What to do ::
The finished copy must match the records exactly, except that it contains no pictures.

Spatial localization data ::
·····

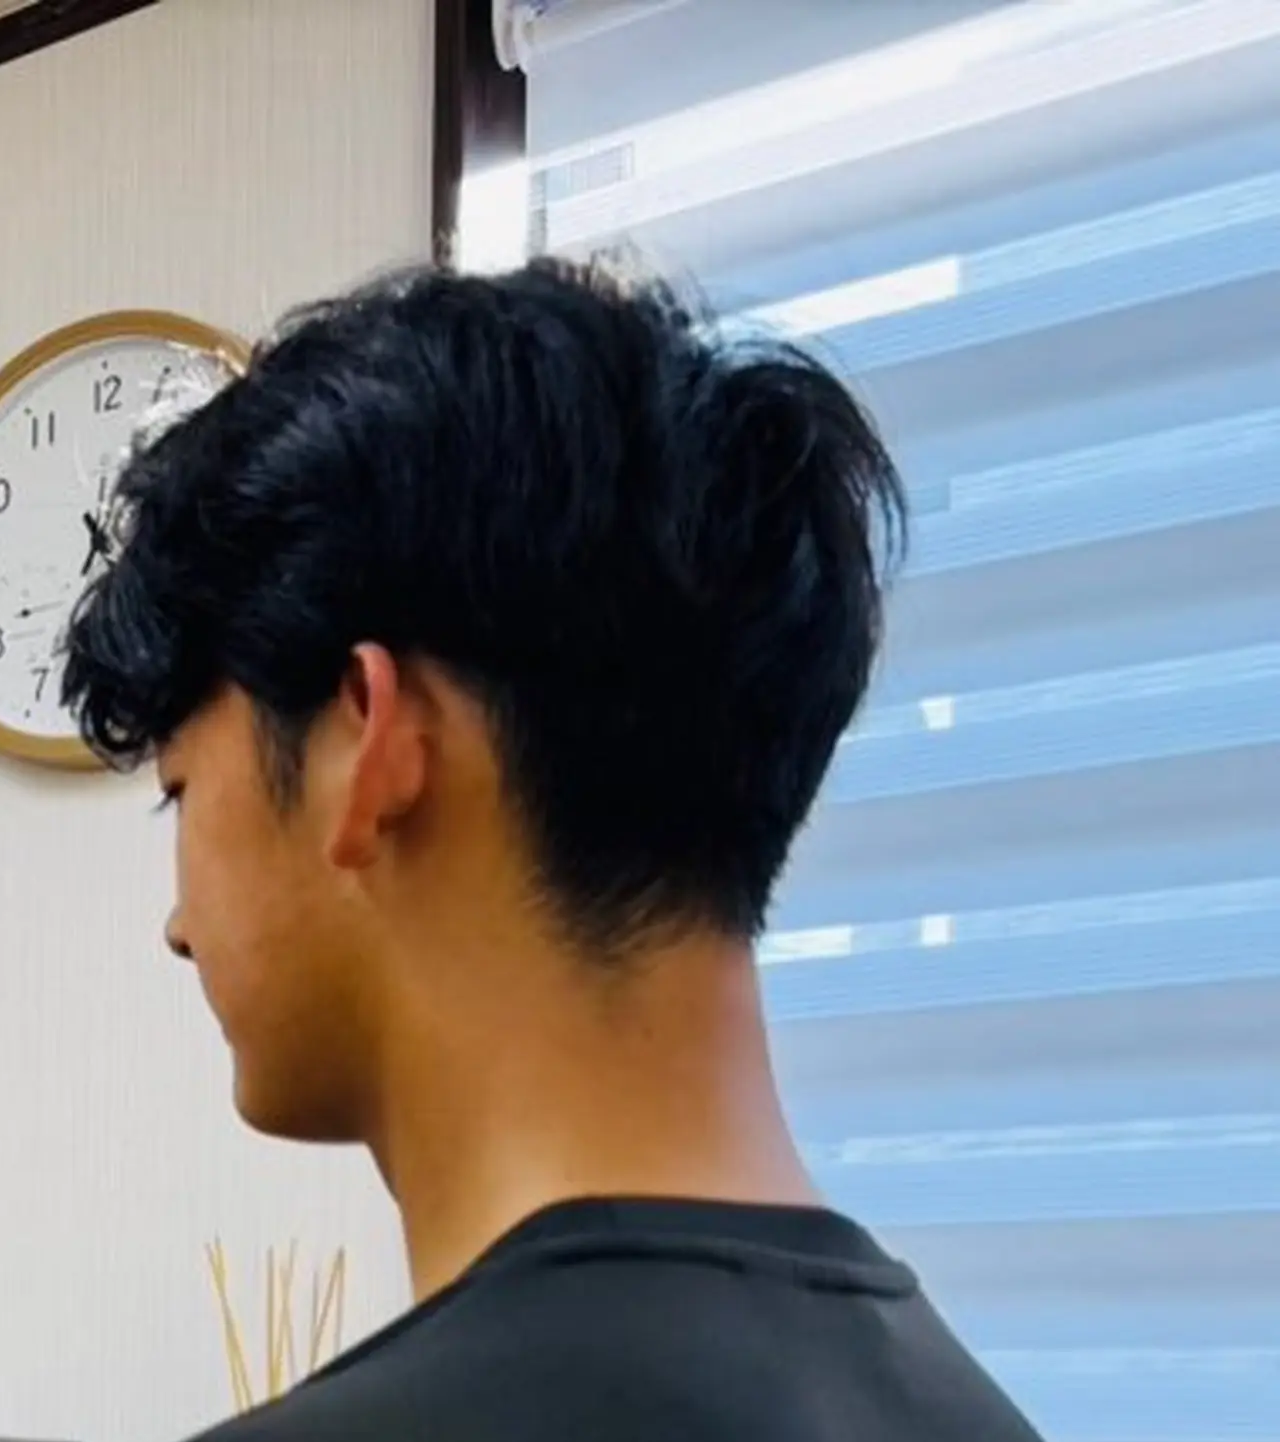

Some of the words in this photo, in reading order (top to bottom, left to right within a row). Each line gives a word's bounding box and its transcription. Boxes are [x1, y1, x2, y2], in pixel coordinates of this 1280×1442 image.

[93, 375, 122, 413] 12
[31, 411, 56, 449] 11
[31, 668, 49, 703] 7
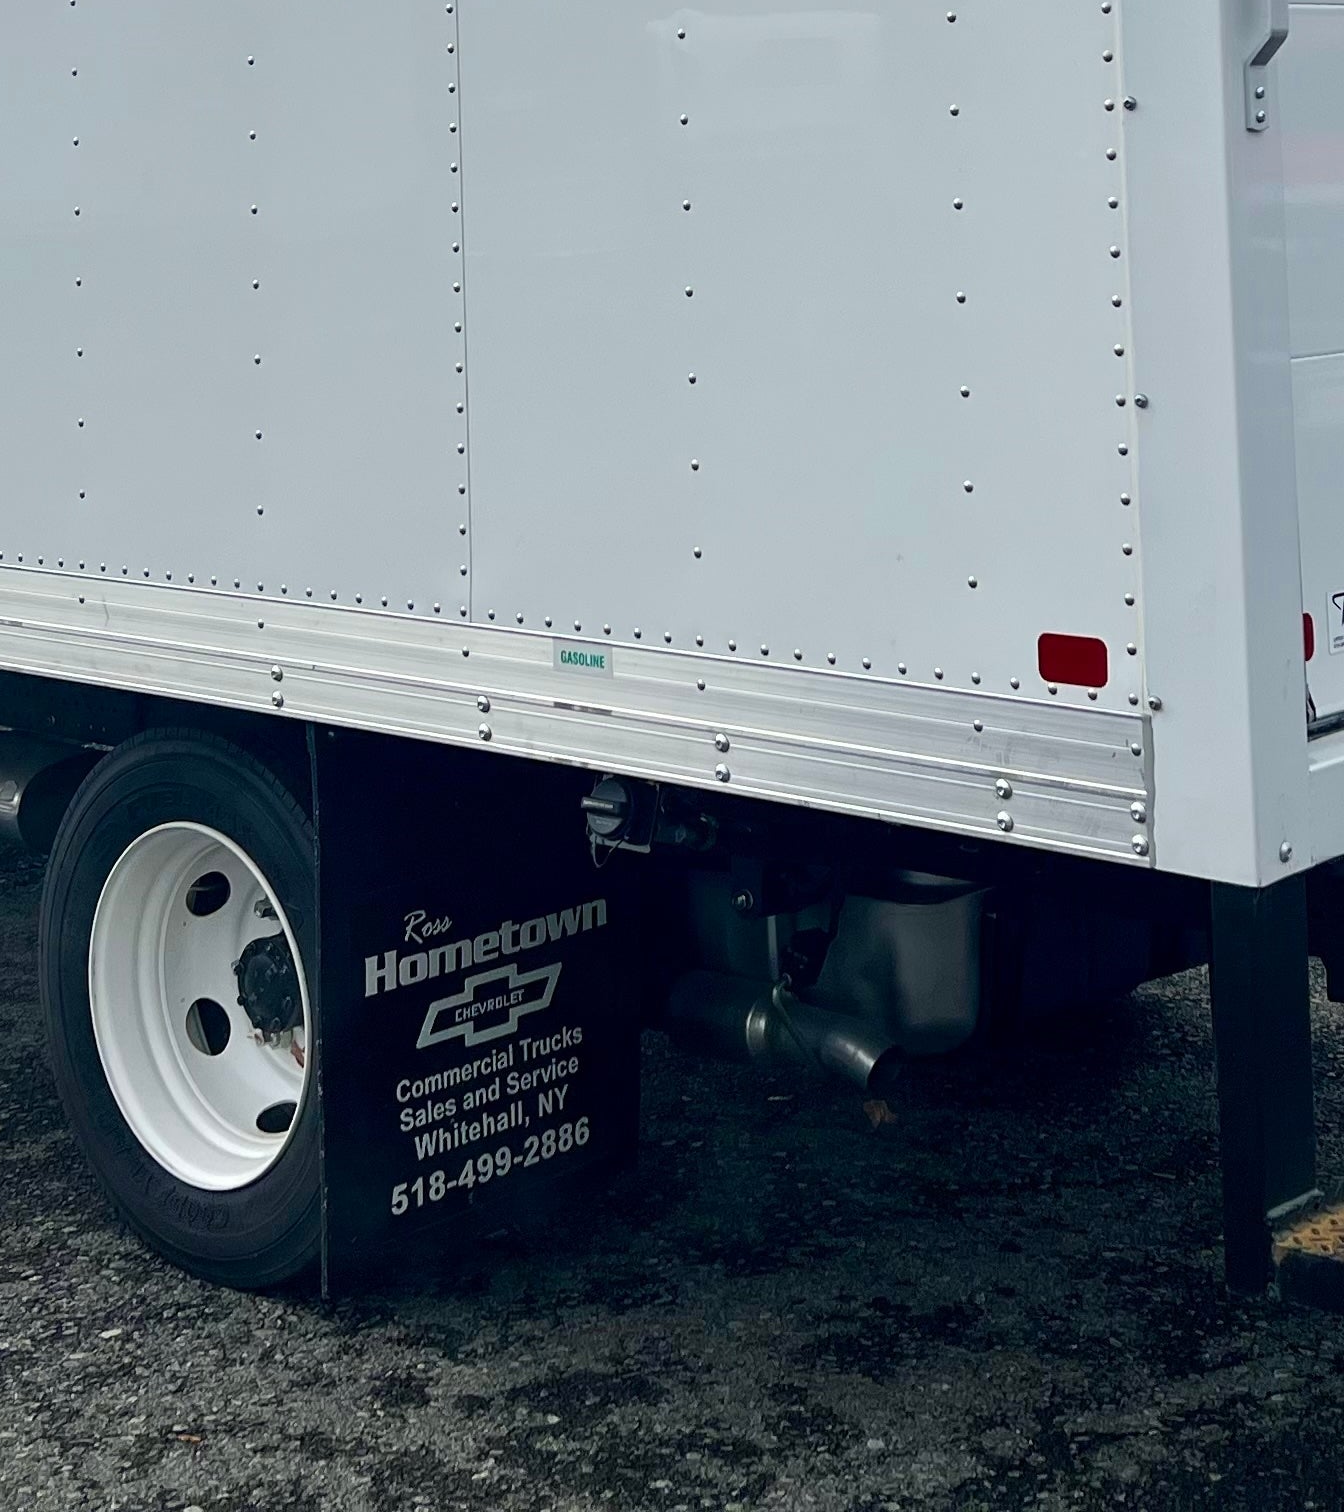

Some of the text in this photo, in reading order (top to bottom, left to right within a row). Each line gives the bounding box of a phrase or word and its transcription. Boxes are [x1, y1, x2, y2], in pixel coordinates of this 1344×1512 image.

[560, 650, 605, 669] GASOLINE
[364, 898, 607, 998] Hometown
[403, 909, 453, 944] Ross
[455, 989, 525, 1023] CHEVROLET
[396, 1026, 583, 1103] Commercial Trucks
[399, 1056, 579, 1132] Sales and Service
[414, 1084, 569, 1161] Whitehall, NY
[391, 1116, 590, 1216] 518-499-2886
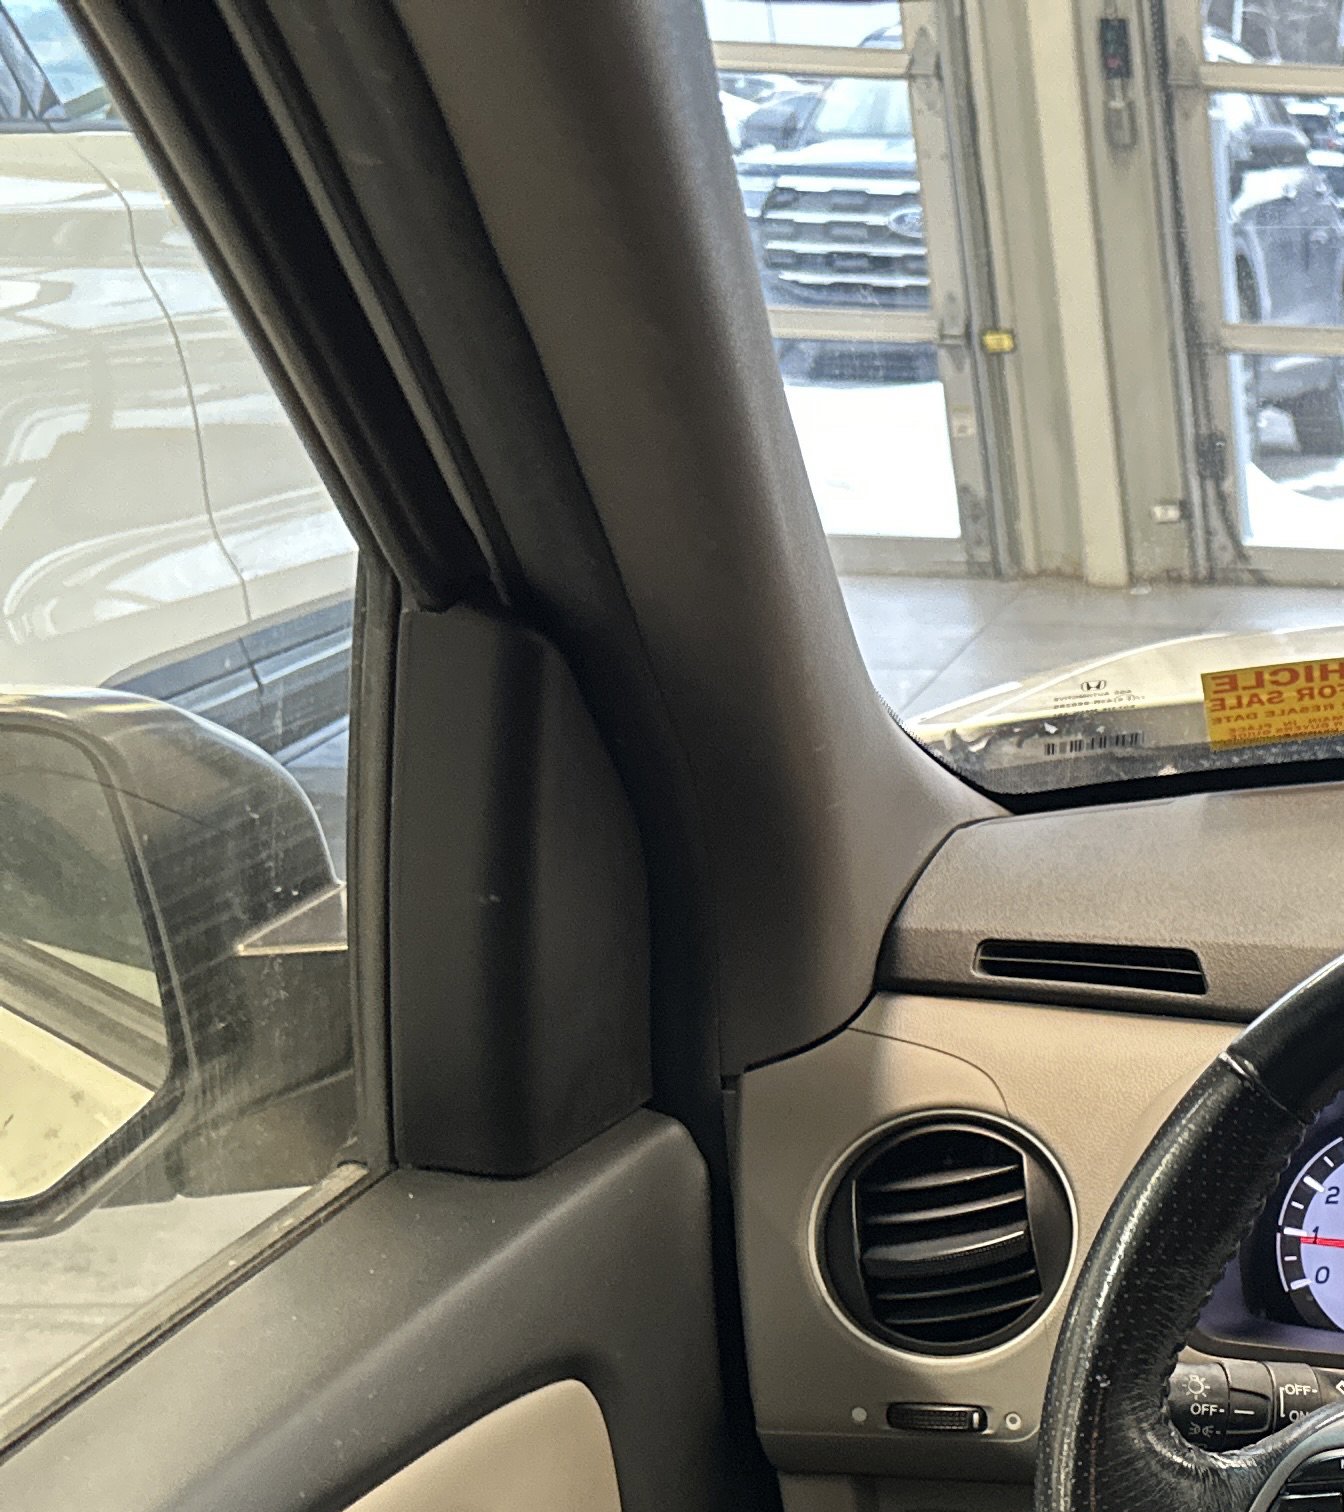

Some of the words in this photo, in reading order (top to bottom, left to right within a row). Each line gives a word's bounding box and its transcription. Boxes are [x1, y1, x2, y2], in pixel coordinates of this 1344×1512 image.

[1325, 1186, 1340, 1204] 2
[1311, 1226, 1320, 1244] 1
[1315, 1266, 1330, 1284] 0
[1285, 1383, 1312, 1396] OFF
[1190, 1403, 1218, 1416] OFF

·····

Result below ::
Some of the words in this photo, in reading order (top to bottom, left to right within a row). Each line gives a word's bounding box and its transcription. Boxes are [x1, y1, x2, y2], in pixel coordinates of this 1280×1442 image.

[93, 375, 122, 413] 12
[31, 411, 56, 449] 11
[31, 668, 49, 703] 7

Some of the text in this photo, in reading order (top to bottom, left to right within a row). Each line gives the bounding box of a phrase or word and its transcription. Boxes are [x1, y1, x2, y2], in pixel coordinates of this 1344×1512 image.

[560, 650, 605, 669] GASOLINE
[364, 898, 607, 998] Hometown
[403, 909, 453, 944] Ross
[455, 989, 525, 1023] CHEVROLET
[396, 1026, 583, 1103] Commercial Trucks
[399, 1056, 579, 1132] Sales and Service
[414, 1084, 569, 1161] Whitehall, NY
[391, 1116, 590, 1216] 518-499-2886

Some of the words in this photo, in reading order (top to bottom, left to right within a row). Each line gives a word's bounding box and its transcription. Boxes are [x1, y1, x2, y2], in pixel coordinates of this 1344×1512 image.

[1325, 1186, 1340, 1204] 2
[1311, 1226, 1320, 1244] 1
[1315, 1266, 1330, 1284] 0
[1285, 1383, 1312, 1396] OFF
[1190, 1403, 1218, 1416] OFF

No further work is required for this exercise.